La vergüenza de los medios santafesinos que se corrompieron para convertirse en agencias propagandísticas del poder

La protesta policial que estalló tras la represión a efectivos y familiares expuso no sólo la crisis de seguridad: qutió el velo y nos mostró que los medios de comunicación grandes, medianos y chicos dejaron de informar para convertirse en agencias de propaganda del poder político de turno.

ChatGPT-Image-10-feb-2026_-23_29_57

Durante días, el reclamo policial en Rosario y en buena parte de la provincia creció por debajo del radar informativo. No por falta de señales: el malestar venía acumulándose, con denuncias por condiciones de trabajo, salarios licuados y episodios de salud mental que terminaron en tragedia. De hecho, en las últimas semanas el conflicto ya había quedado expuesto públicamente por el impacto del suicidio de un agente y el intento oficial de “descomprimir” el clima interno.

Pero lo grotesco llegó el lunes por la noche (9 de febrero), cuando la protesta frente a la Jefatura en la zona sur rosarina derivó en un episodio tan inédito como intolerable: policías reprimiendo a policías y a sus familiares para liberar el ingreso y desalojar el corte. La concentración, que incluyó “sirenazo”, quema de cubiertas y tensión creciente en la puerta del edificio, escaló con un operativo que terminó con denuncias de heridos y uso de gas pimienta.

Ese punto de quiebre —la represión contra los propios— no sólo encendió la indignación dentro de la fuerza.
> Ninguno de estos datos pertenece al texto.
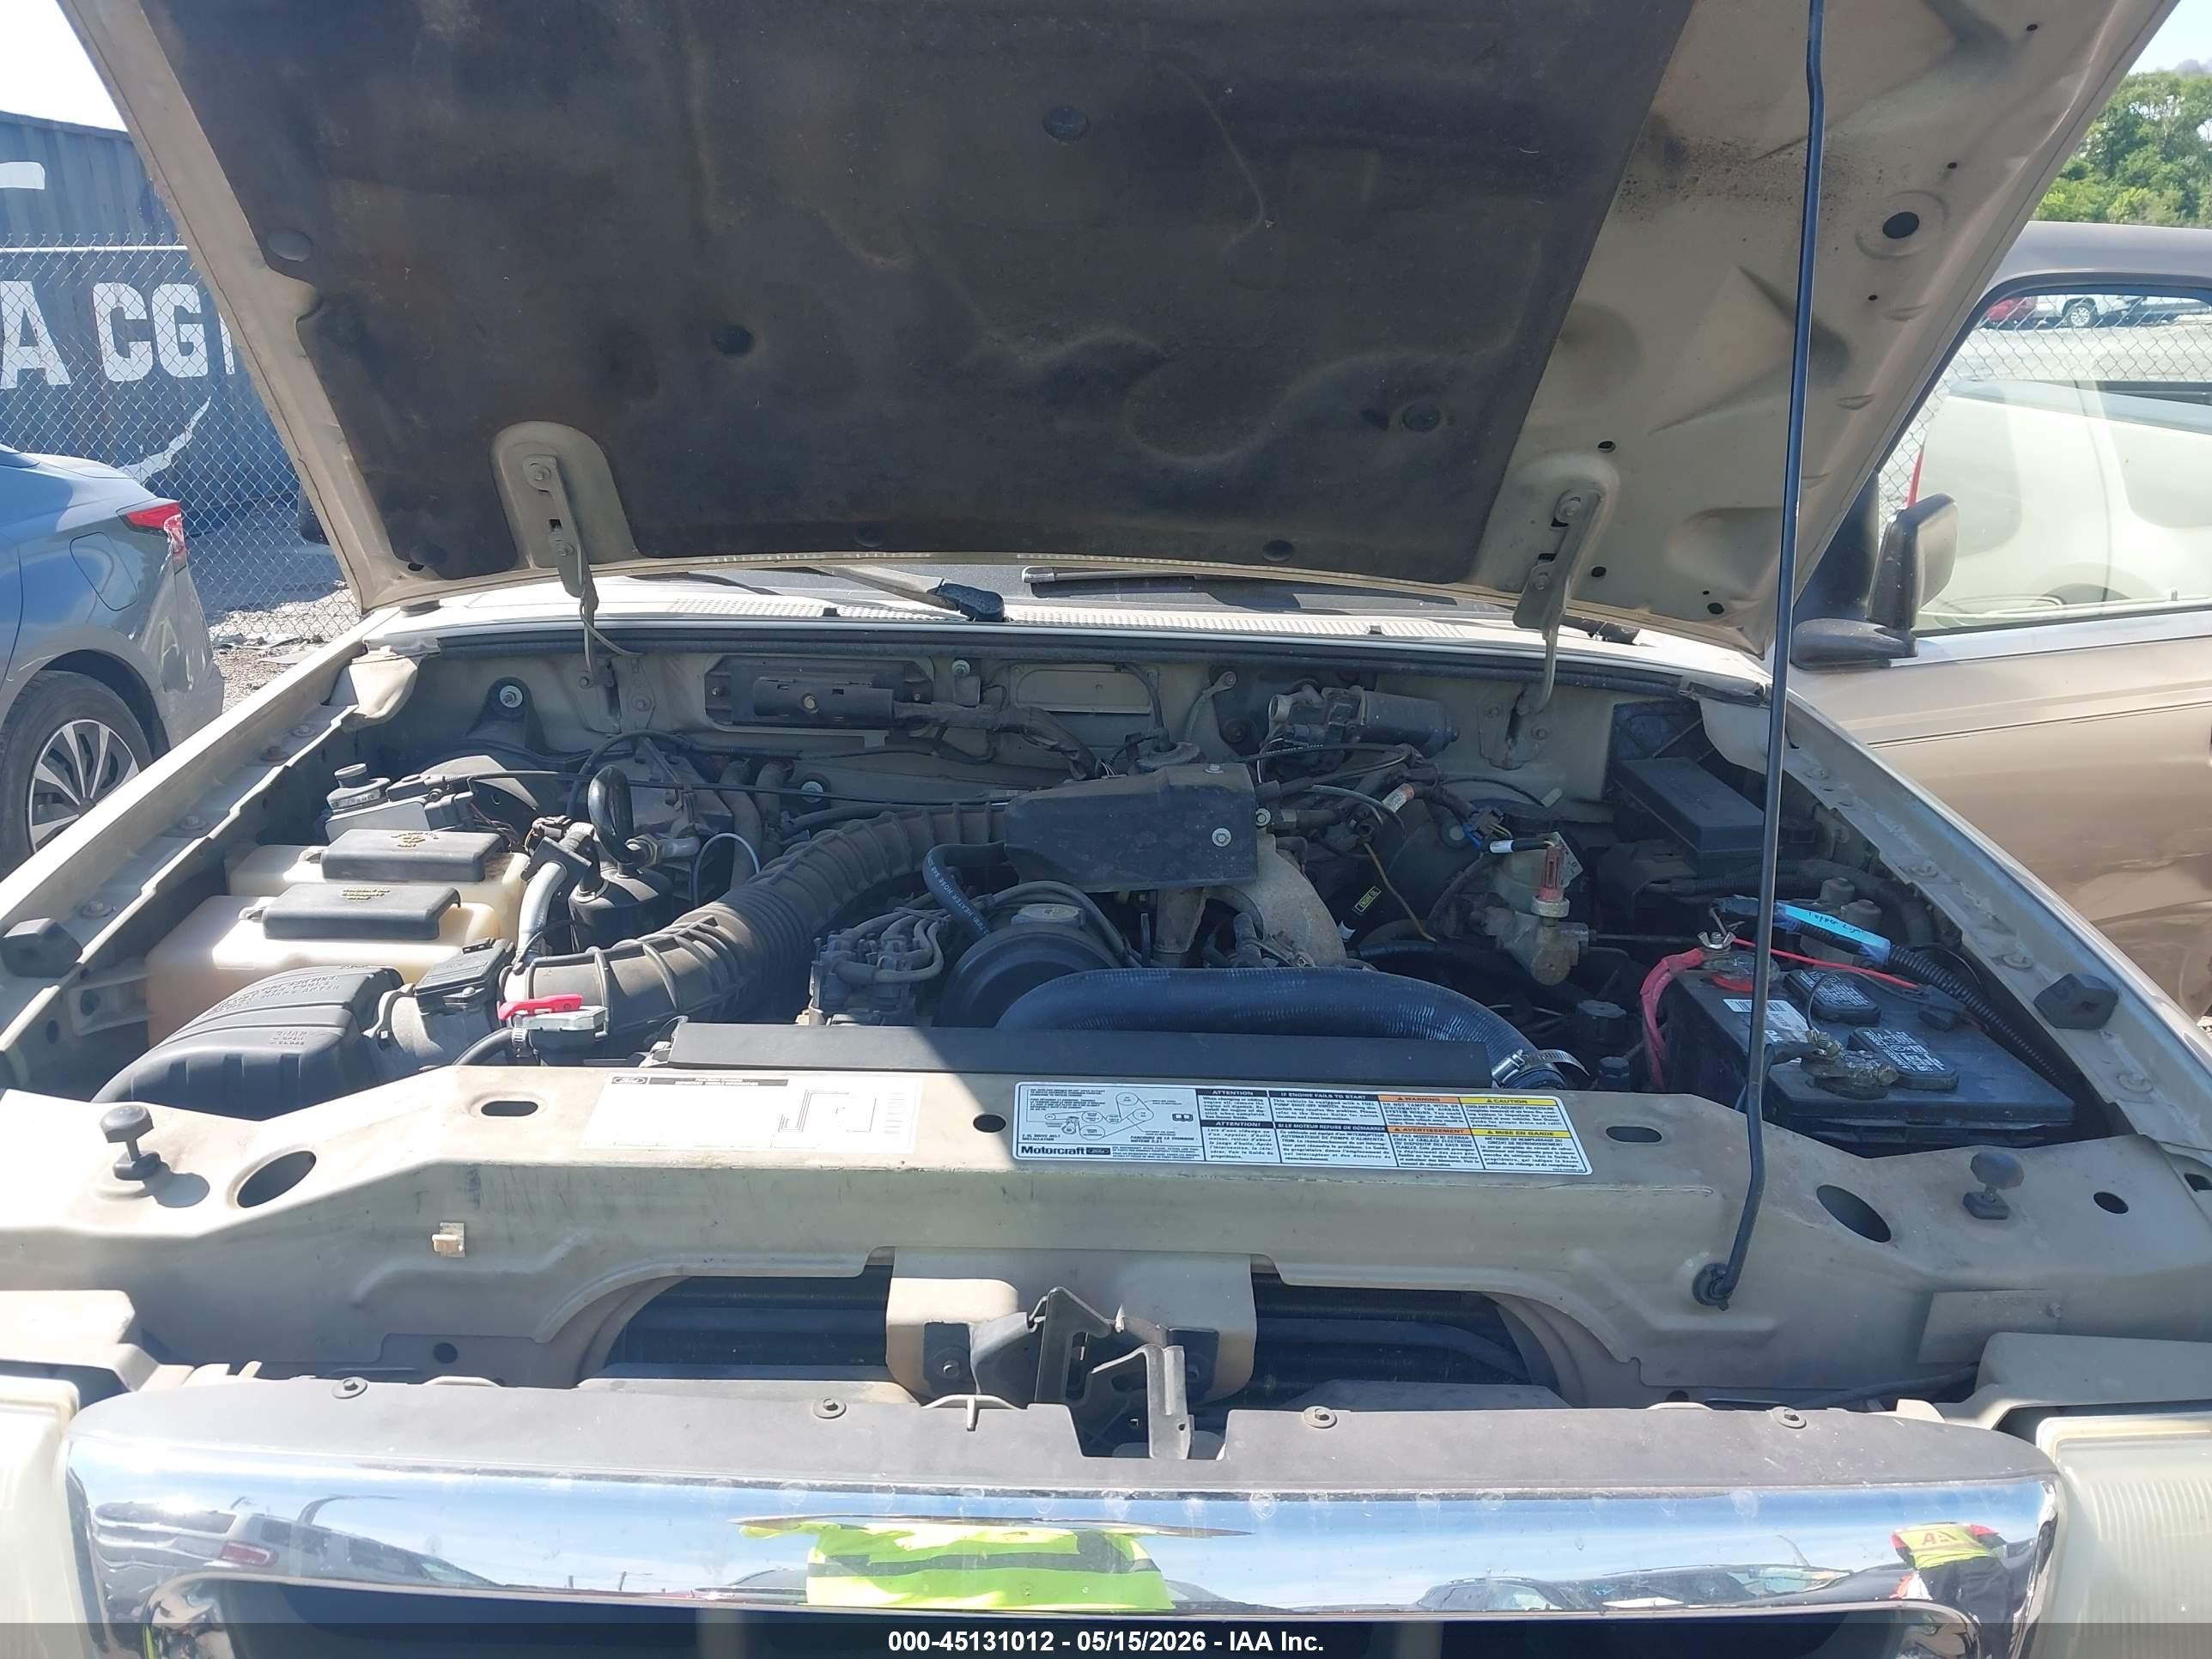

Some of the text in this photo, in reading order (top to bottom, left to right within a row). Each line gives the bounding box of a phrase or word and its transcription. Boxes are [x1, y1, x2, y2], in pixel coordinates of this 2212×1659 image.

[93, 282, 235, 383] CG
[939, 878, 953, 895] HOSE
[952, 893, 974, 916] HEATER
[1021, 1145, 1085, 1154] Motorcraft
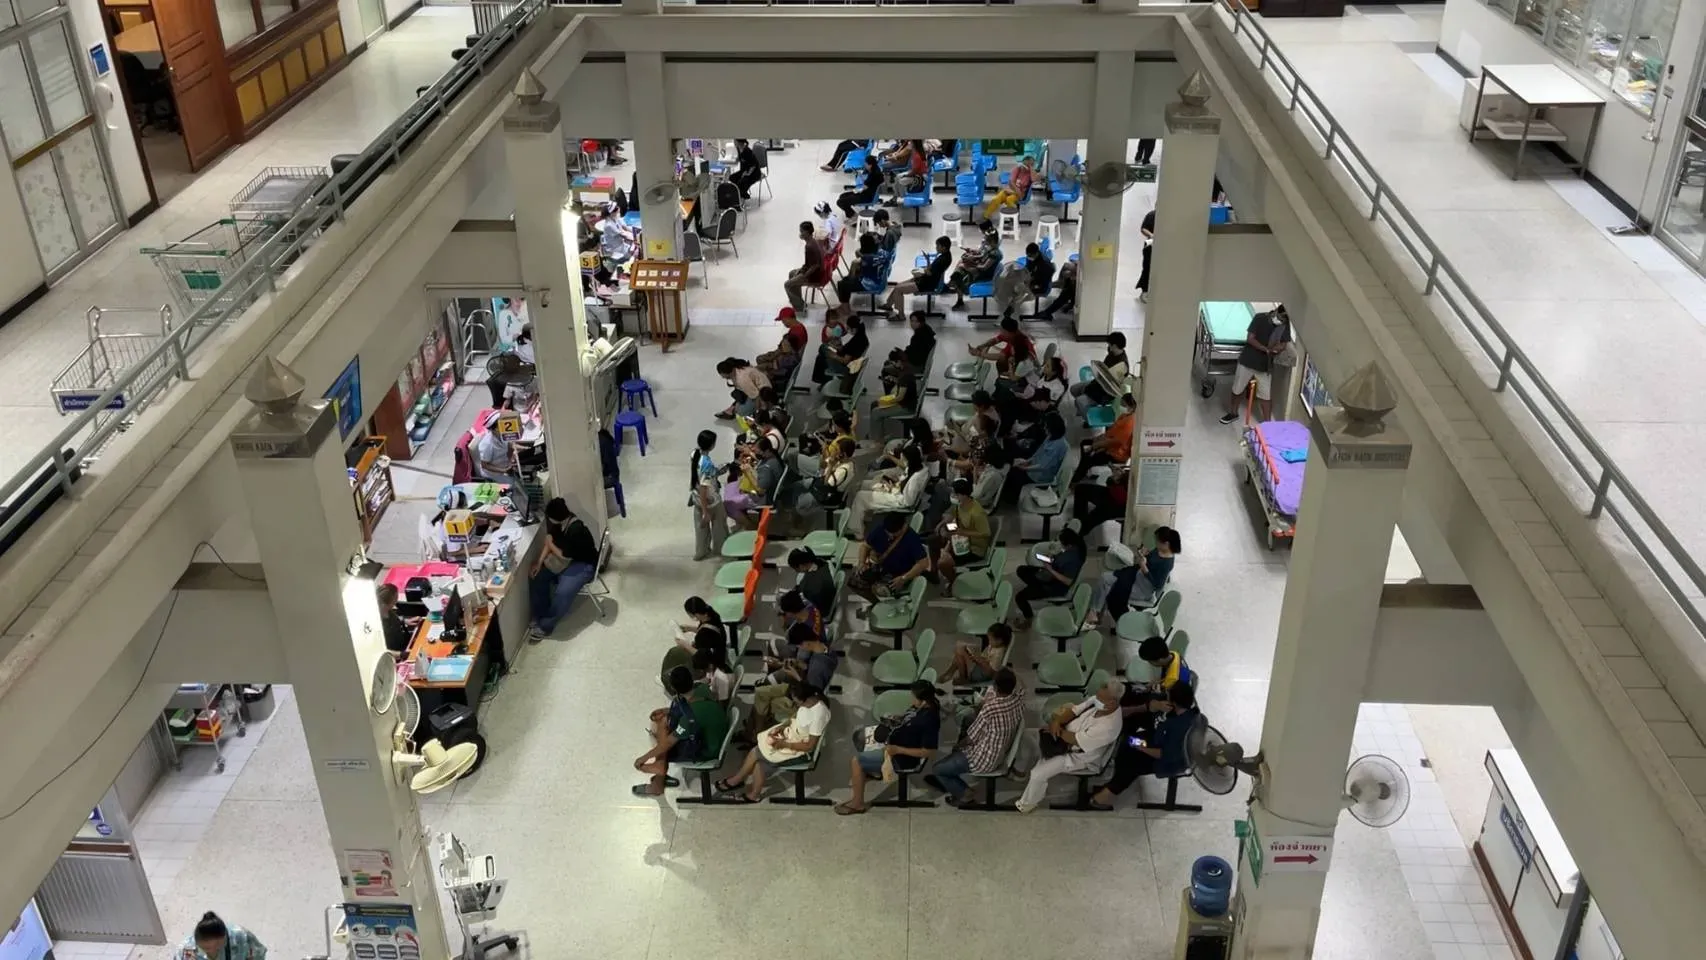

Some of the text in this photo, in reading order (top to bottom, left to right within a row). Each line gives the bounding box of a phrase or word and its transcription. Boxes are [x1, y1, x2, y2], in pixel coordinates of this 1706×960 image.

También dejó al desnudo algo que en El Liberador venimos señalando hace tiempo: la degradación del periodismo local cuando se acostumbra a vivir de la pauta oficial.

La noche que se viralizó “por abajo”

Mientras los videos circulaban en grupos internos, WhatsApp y redes, el tema se instaló con fuerza dentro de la policía. Las crónicas de El Liberador e influencers independientes describieron el corazón del episodio: la protesta frente a la Jefatura ubicada sobre Ovidio Lagos al 5200, el intento de desalojo y el clima de enfrentamiento entre efectivos.

A partir de ahí, la crisis se expandió: acuartelamientos y concentraciones en distintos puntos de la provincia, con patrulleros y personal fuera de guardia visibilizando el reclamo.

Y, sin embargo, la sensación dominante en la calle —y en la fuerza— fue otra: que el relato público llegó tarde. Que durante las horas calientes, cuando se definía si el conflicto se apagaba o se multiplicaba, la información circuló más por canales informales que por las pantallas y portales que presumen “cobertura total”.

Hasta que el conflicto ya era imposible de disimular (y antes de que apareciera el “parte” político con su encuadre), las portadas seguían como si en la provincia no hubiera una crisis de seguridad en ebullición:

AIRE Digital abría con “Santa Fe en alerta por el juego compulsivo: ‘El celular hace que la apuesta sea inmediata’”;

La Capital encabezaba con “La siguieron hasta su habitación y la ejecutaron: piden perpetua por el crimen de una adolescente” y que el pollo subió en 14% en Rosario

Rosario3 ponía arriba “Gremios marcharán martes y miércoles en Rosario contra la reforma laboral”;

y Cadena 3 destacaba “Bullrich busca cerrar acuerdos con legisladores para aprobar la reforma laboral”.

Y cuando finalmente “se habilitó” el tema, la primera reacción no fue mostrar a los manifestantes, ni reconstruir la represión, ni explicar el quiebre interno: fue amedrentar y alinearse con la amenaza oficial. La Capital lo sintetizó con una story que decía textual: “Protesta en la Jefatura de Policía de Rosario: el gobierno aplicará sanciones”, acompañada sólo por la imagen de los efectivos con escudos en formación frente al cartel de la Jefatura (ninguna foto de los policías y familias que protestaban).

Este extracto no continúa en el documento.